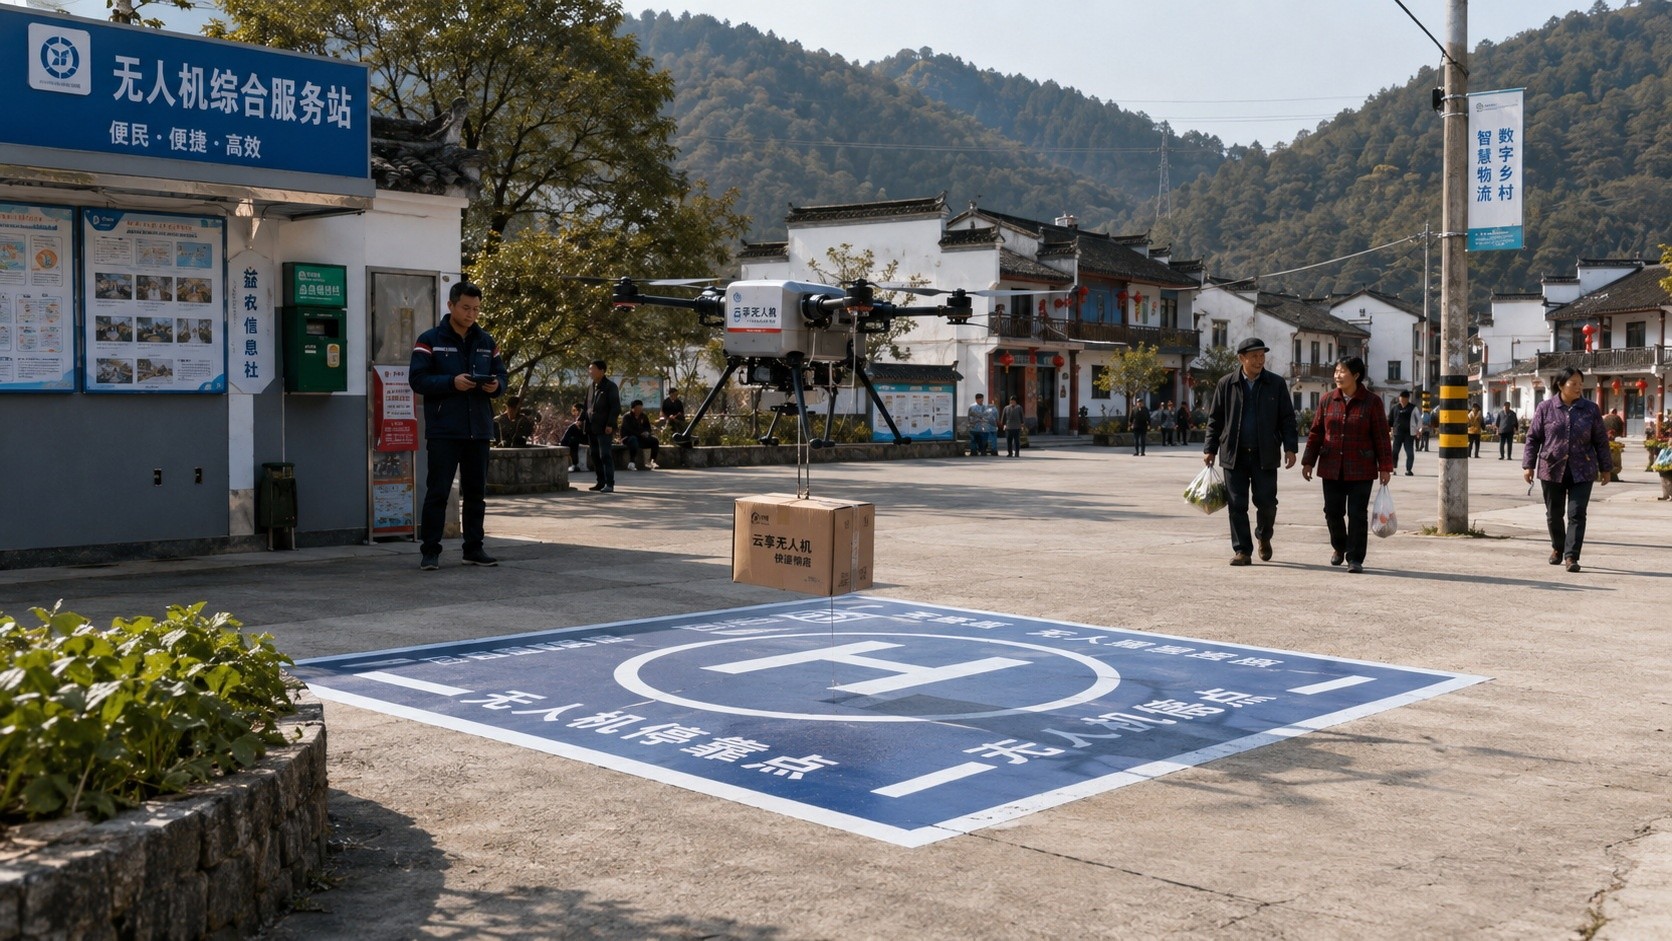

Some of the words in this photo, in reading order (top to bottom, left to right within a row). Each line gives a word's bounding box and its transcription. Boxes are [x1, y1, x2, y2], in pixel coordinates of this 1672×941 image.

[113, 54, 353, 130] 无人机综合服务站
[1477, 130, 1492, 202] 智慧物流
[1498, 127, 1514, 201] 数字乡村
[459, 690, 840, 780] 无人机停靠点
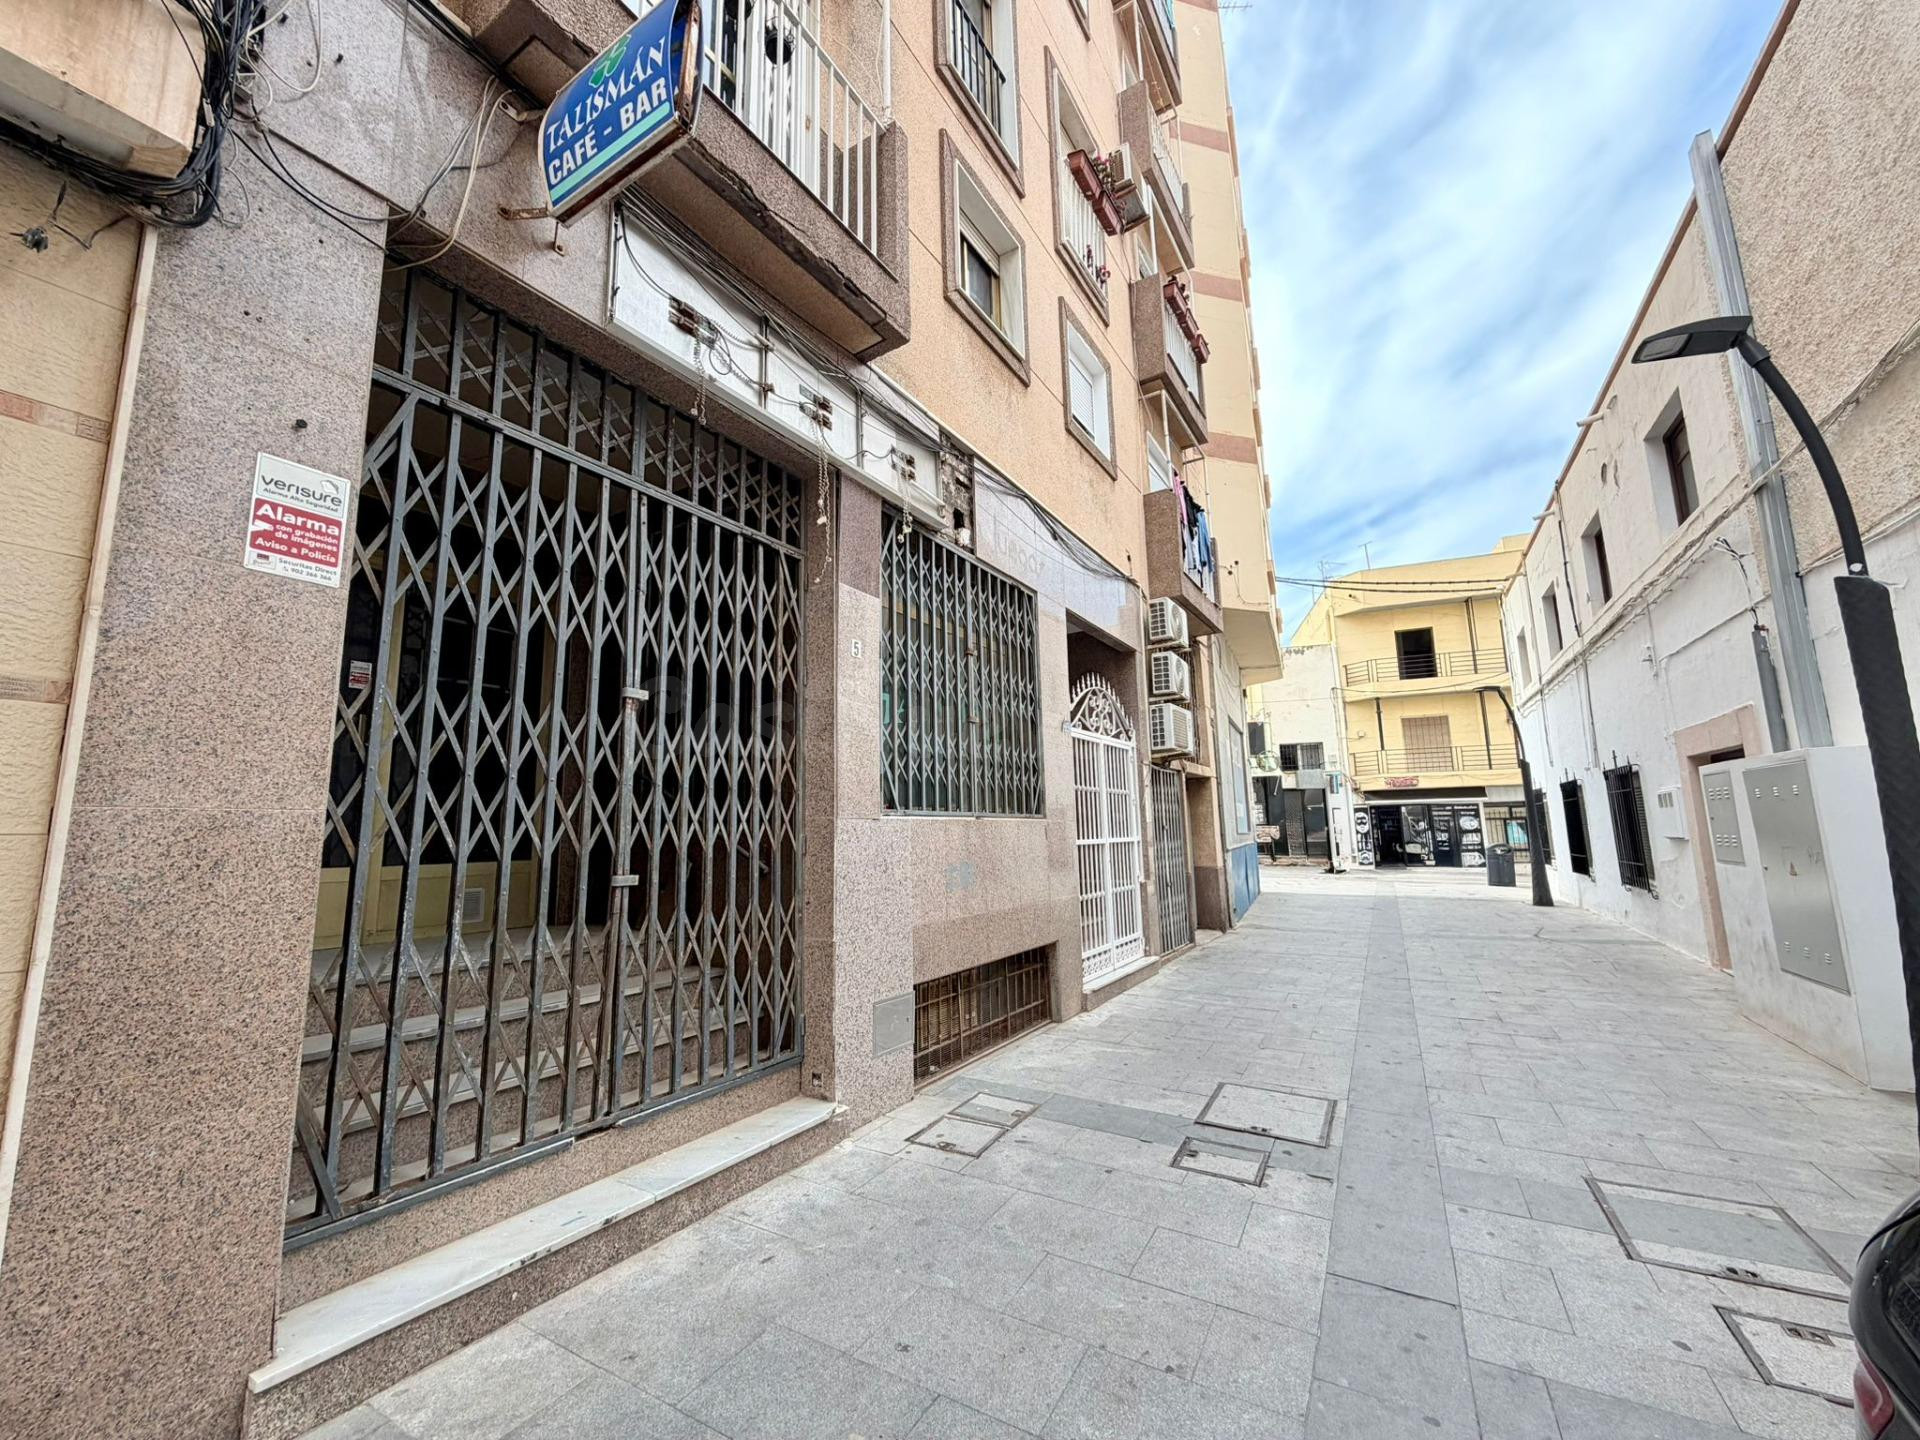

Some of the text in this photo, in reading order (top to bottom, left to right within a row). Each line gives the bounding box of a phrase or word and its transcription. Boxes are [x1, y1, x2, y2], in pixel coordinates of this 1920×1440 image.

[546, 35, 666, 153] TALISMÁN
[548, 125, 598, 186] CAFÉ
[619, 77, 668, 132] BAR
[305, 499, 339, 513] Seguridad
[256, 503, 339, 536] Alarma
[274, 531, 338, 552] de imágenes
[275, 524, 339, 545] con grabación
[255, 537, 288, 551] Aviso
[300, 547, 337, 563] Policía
########################################
__To do__.
Repeat exactly, and only, the lines of the records above, starting with the line that contains "Some of the text" and ending with the final line, both included.

__Result of the task__.
Some of the text in this photo, in reading order (top to bottom, left to right within a row). Each line gives the bounding box of a phrase or word and its transcription. Boxes are [x1, y1, x2, y2], in pixel coordinates of this 1920×1440 image.

[546, 35, 666, 153] TALISMÁN
[548, 125, 598, 186] CAFÉ
[619, 77, 668, 132] BAR
[305, 499, 339, 513] Seguridad
[256, 503, 339, 536] Alarma
[274, 531, 338, 552] de imágenes
[275, 524, 339, 545] con grabación
[255, 537, 288, 551] Aviso
[300, 547, 337, 563] Policía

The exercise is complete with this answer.